MARTINSVILLE, N.J., April 26, 2018 /PRNewswire/ -- The 7th Edition of The Robo Report™, the first and only report on the performance and portfolios of robo advisors in the digital advice industry, published by BackEnd Benchmarking, has been released for the first quarter of 2018.
"We've been building data on robo advisors for a couple of years during the continued bull market. We were quite curious to see how they performed and functioned during a down or prolonged bear market," said Ken Schapiro, Founder of BackEnd Benchmarking. "From a performance standpoint they held their own as expected from a passive investment return perspective. However, there were widespread outages at not only standalone robos, but also big financial institutions where we would have expected the infrastructure to handle the volume of website traffic. Investors could not get access to their accounts for a period of time."
"There are also important takeaways from this new report. As the robo advice industry matures, robos are finding it necessary to add features and offerings to differentiate themselves and display a clear value proposition. The combination of Overstock.com launching a robo advisor and news that Amazon was considering venturing into banking sparked a discussion about whether Amazon, or others, will try and enter the investment advice industry."

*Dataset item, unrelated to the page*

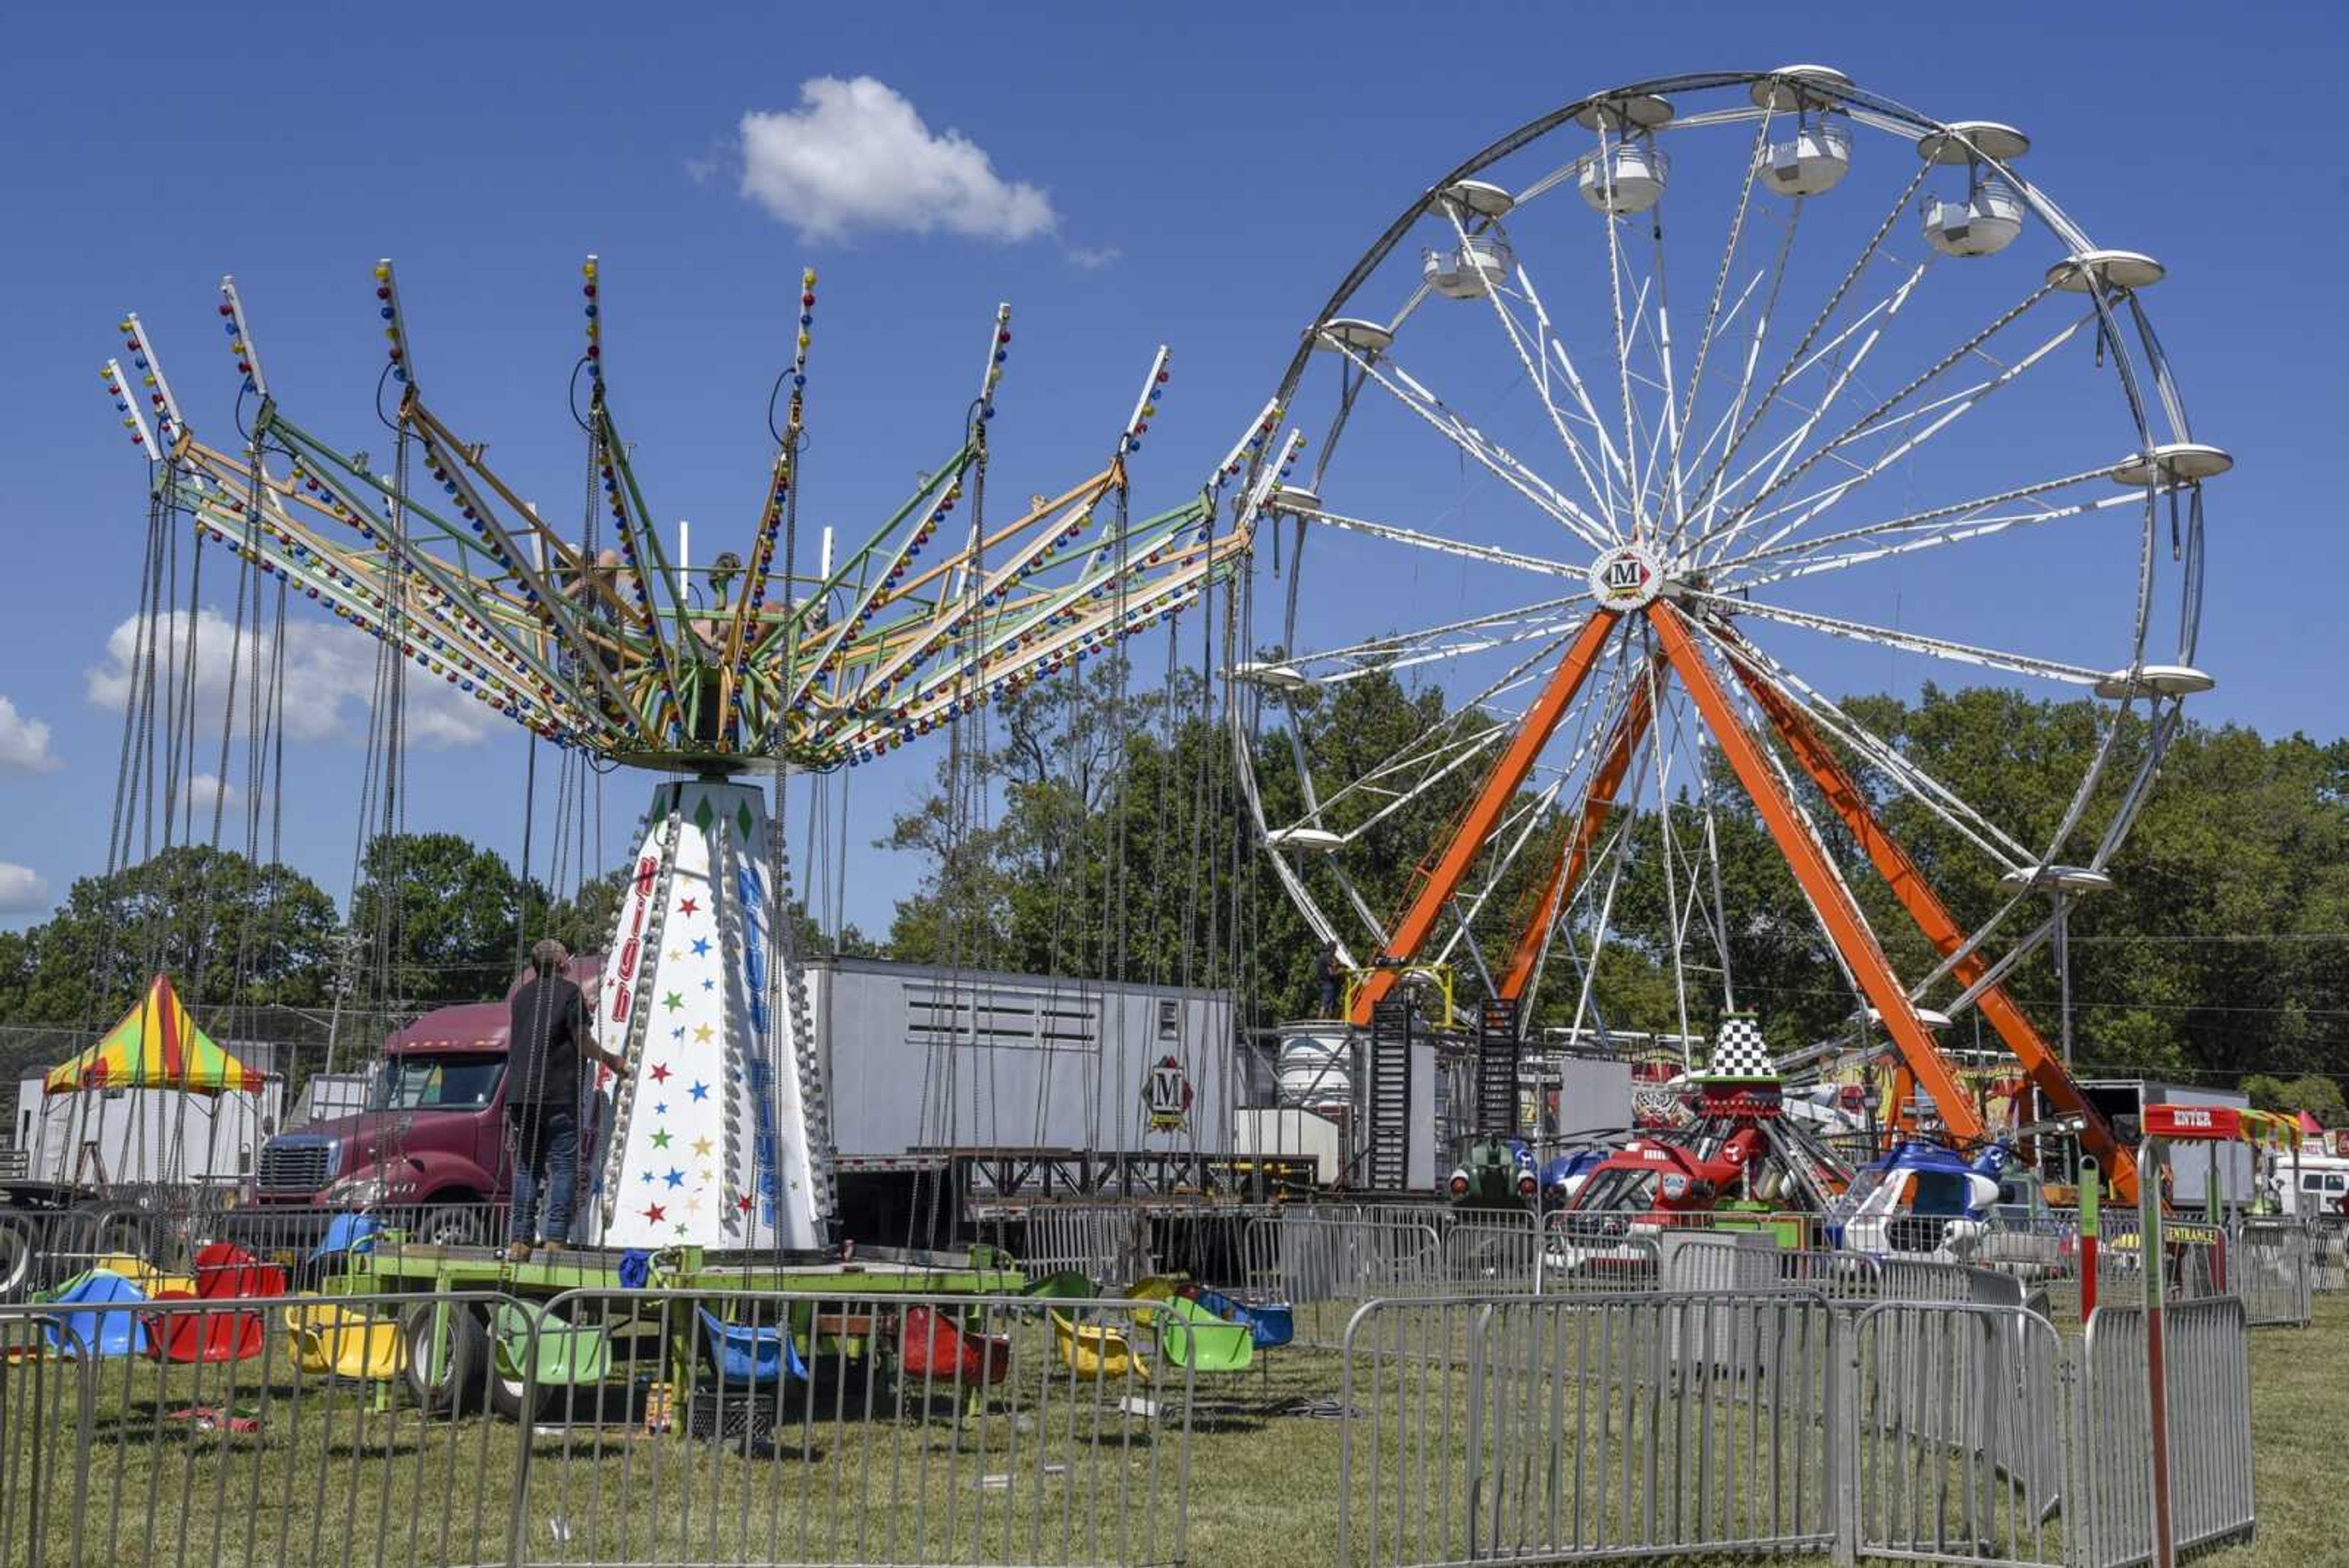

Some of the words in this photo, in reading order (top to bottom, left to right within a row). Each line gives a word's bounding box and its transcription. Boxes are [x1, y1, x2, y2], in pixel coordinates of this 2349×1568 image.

Robo Report Q1 2018 Takeaways
Large allocations to emerging markets has paid off in both the short and long run. SoFi, SigFig, TD Ameritrade, and Schwab all have higher than average emerging markets exposure which has helped their outperformance.
Portfolio's with more diverse types of bonds have outperformed. In particular international bonds set many portfolio's fixed income apart. Schwab has two international bond funds. SigFig and FutureAdvisor also contain international bonds and their fixed income portfolios have done well in the short and long term.
High-Yield bond funds have also helped portfolios outperform as investors' confidence stays high. Schwab and SoFi both benefited from this trend.
SoFi led the group this quarter. Their large emerging markets exposure helped them this quarter in equities. A vast majority of the fixed income is allocated to a single high-yield municipal bond fund which did well. The remaining fixed income is in an emerging markets bond fund. This fixed income allocation to only high-yield municipals and emerging market bonds is unusual within our universe.
Portfolios with active funds benefitted from them. T Rowe Price, Wells Fargo, United Income, and Hedgeable all benefited from either active management or holdings with actively managed funds.
The Report has more than full two years of performance return numbers for robo advisors at Betterment, SigFig, Schwab, Vanguard, Personal Capital, WiseBanyan, and Acorns. In addition, the Report covers Ally Financial, Ellevest, E*Trade , Fidelity Go, FutureAdvisor, Hedgeable, Merrill Edge, SoFi, TD Ameritrade, TIAA, T. Rowe Price, Wealthfront, WealthSimple, and Zack's Advantage.
This quarter, it introduced three Socially Responsible Investing (SRI) portfolios to the report from TIAA, Betterment, and Morgan Stanley, while also publishing results for the first time from Morgan Stanley, Wells Fargo, USAA, United Income, and Capital One. Next quarter the publisher will be introducing SRI portfolios from WealthSimple and Hedgeable.
The new report includes a conversation with founder of Acorns about the power of first-time investors and United Income's innovative product aimed at the wealthiest generation.
Alongside reporting performance, The Robo Report™ includes a discussion on the trends during the quarter that drove performance as well as a news section covering recent industry events.
The Report ranks the top three Robos by quarterly performance in Equity, Fixed Income and Total Portfolio as well as historical performance since each accounts' inception.
To get a first-hand understanding of how the providers operate and invest, BackEnd Benchmarking opened and funded portfolios seeking a similar asset allocation to allow for comparison. The knowledge of the underlying assets held helps to understand the structure of the portfolio, the risk, and what is driving performance.
This report represents BackEnd Benchmarking's research, analysis, and opinion only; the period tested was short in duration and may not provide a meaningful analysis. There can be no assurance that the performance trend demonstrated by robos vs. indices during the short period will continue.